Despite monthly reminders published by reporting organizations and Statistics Canada [Economic Indicators], the newspaper finds other things to report on leaving the relentlessly bad economic news about this City to others to report.
But an obscure Conference Board of Canada report emerges in the summer of 2014 saying that the local economy is set to experience a slight decline in economic growth from what it experienced in 2013 and the News trumpets it as a sign of economic growth. It’s like the organization has a collective instinct for avoiding bad news and knowing how to turn bad news into good news.
Buried in the report is the news that employment will drop by 0.6 percent and that the new housing market is expected to drop 13.5 percent. While the headline seems to indicate a rosy picture it doesn’t mention that the predicted growth is lower than what we experienced last year.
Come to think of it – since Abbotsford councillors have traditionally blamed bad economic news about the Abbotsford-Mission Census Metropolitan Area (CMA) on those people over in Mission (harumph) – maybe they’re the ones responsible for the growth prediction. At the bottom of the story you’ll find this nugget: “On the non-residential side, the $748-million Ruskin Dam and powerhouse upgrades, and the $40-million Silver Creek industrial park in Mission are expected to keep that sector in the positive.”

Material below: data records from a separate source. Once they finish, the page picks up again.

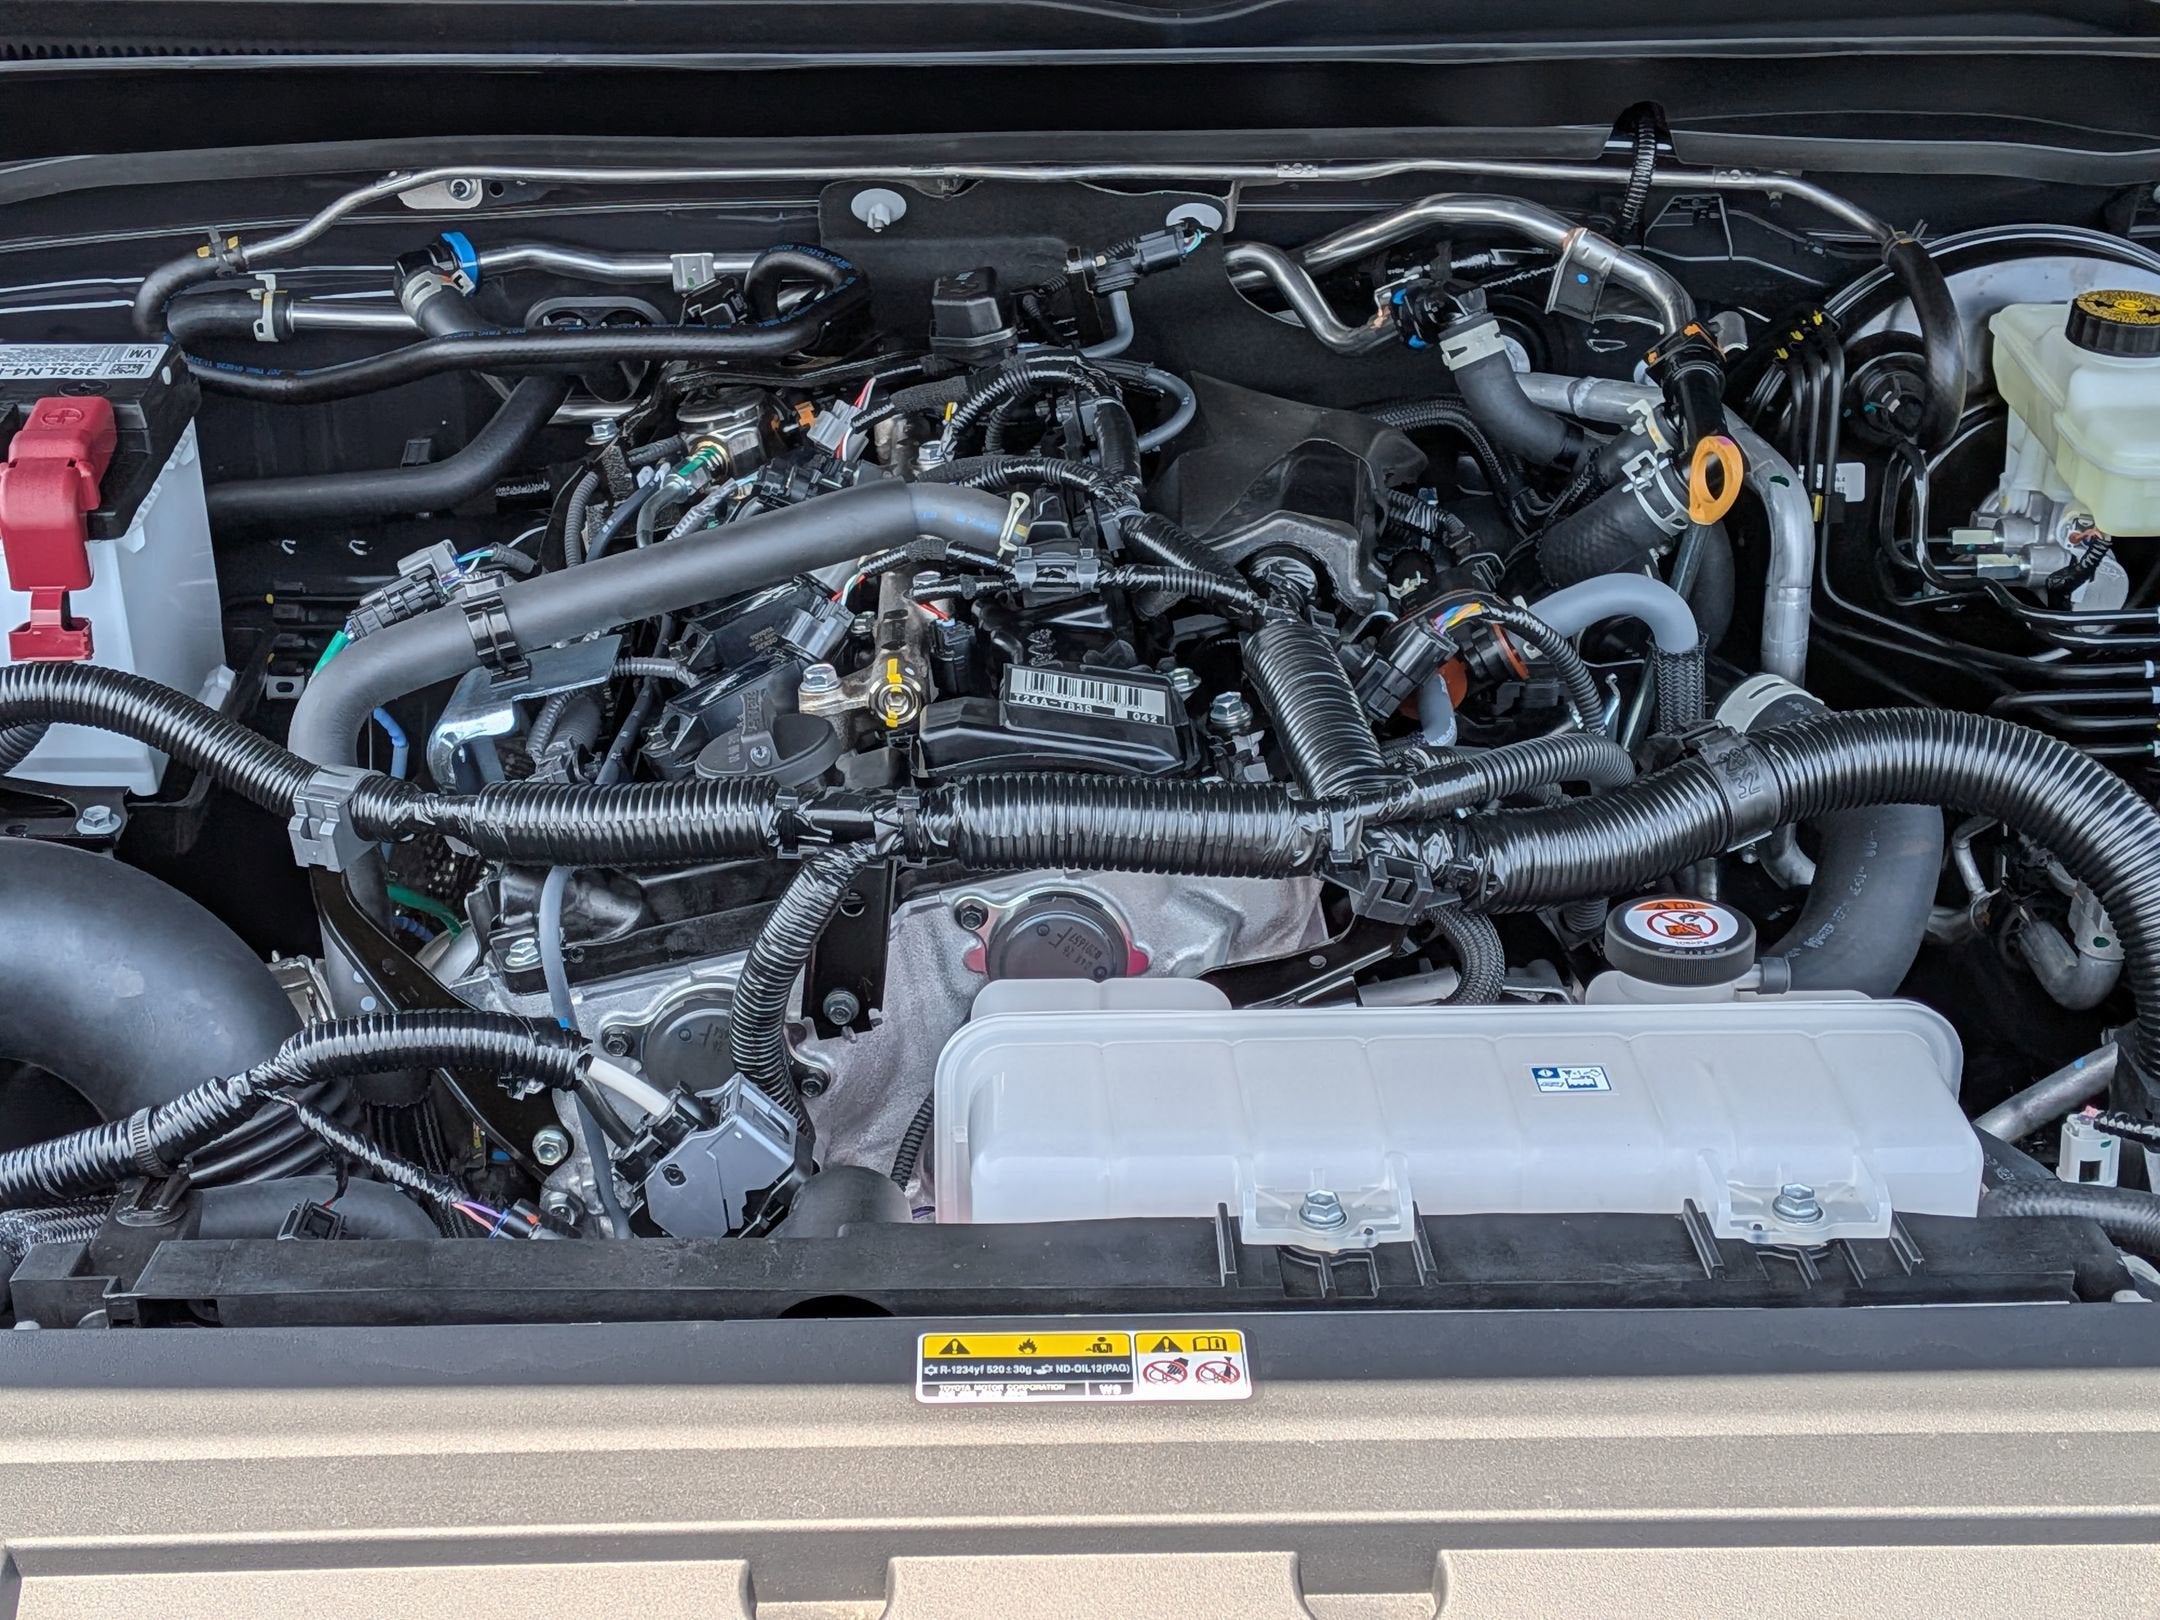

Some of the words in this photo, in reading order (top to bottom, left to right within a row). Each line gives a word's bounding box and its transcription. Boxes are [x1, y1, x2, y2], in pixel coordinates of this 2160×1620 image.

[128, 349, 152, 358] VM
[1132, 711, 1158, 724] 042
[940, 1364, 985, 1376] R-1234yf
[986, 1364, 1032, 1376] 520±30g
[1055, 1363, 1130, 1374] ND-OIL12(PAG)
[1006, 1384, 1066, 1392] CORPORATION

I’m not sure who they think they are reporting this information to. If you have an honest talk with a developer, a realtor, a business owner or anyone investing in the Lower Mainland, the only positive thing they will say about Abbotsford is that things can’t get much worse.
Growth is increasing at a lower rate than it was last year – that’s what the report says. Housing starts appear to be headed even further down the toilet and Mission’s public sector growth appears to be the only thing making the numbers appear positive.
The Abbotsford News is not unique in this regard. Ever since the chains bought all the newspapers in Canada, you will be hard pressed to find any bad news, especially bad economic news, in any community newspaper. They make up for it with coverage of the easiest beat in town – crime – by over-reporting it. In most towns the police generate press releases everyday but not all of them used to make it into print.
Now they all do, which leaves the impression on readers that crime is a really big problem in their community. And academics and journalists pontificate about their confusion about the fact that while crime rates have been universally going down in the Western World, most particularly in Canada, for a generation, people’s impressions tell the opposite story.
People who get their information from the internet (those under 70) are not nearly as concerned about crime in their communities as the older folks who still read newspapers.
When it comes to politics, the complete abandonment of its role as a watchdog is perhaps the saddest thing I’ve noticed about the newspaper industry in my 25 years in the media.
It has always been a mystery to me, even when I worked for the Abbotsford Times or the Abbotsford Post, why modern newspapers seem to think it is their job to make everything sound rosy and cheer on the local politicians as if they were children trying to skate for the first time.
My boss at the Abbotsford Post told me that she never wanted to see the words ‘Plan A’ in the newspaper again. It was the story of the decade and it laid the groundwork for all of the bad news this City has experienced in the last eight years. Why would you want to tell that sort of story in a newspaper …
… because someone might want to read about it …
And so whole communities end up believing that everything is rosy in their crime-ridden city, that cops and politicians are courageous public servants and that the future is so bright … you know the rest.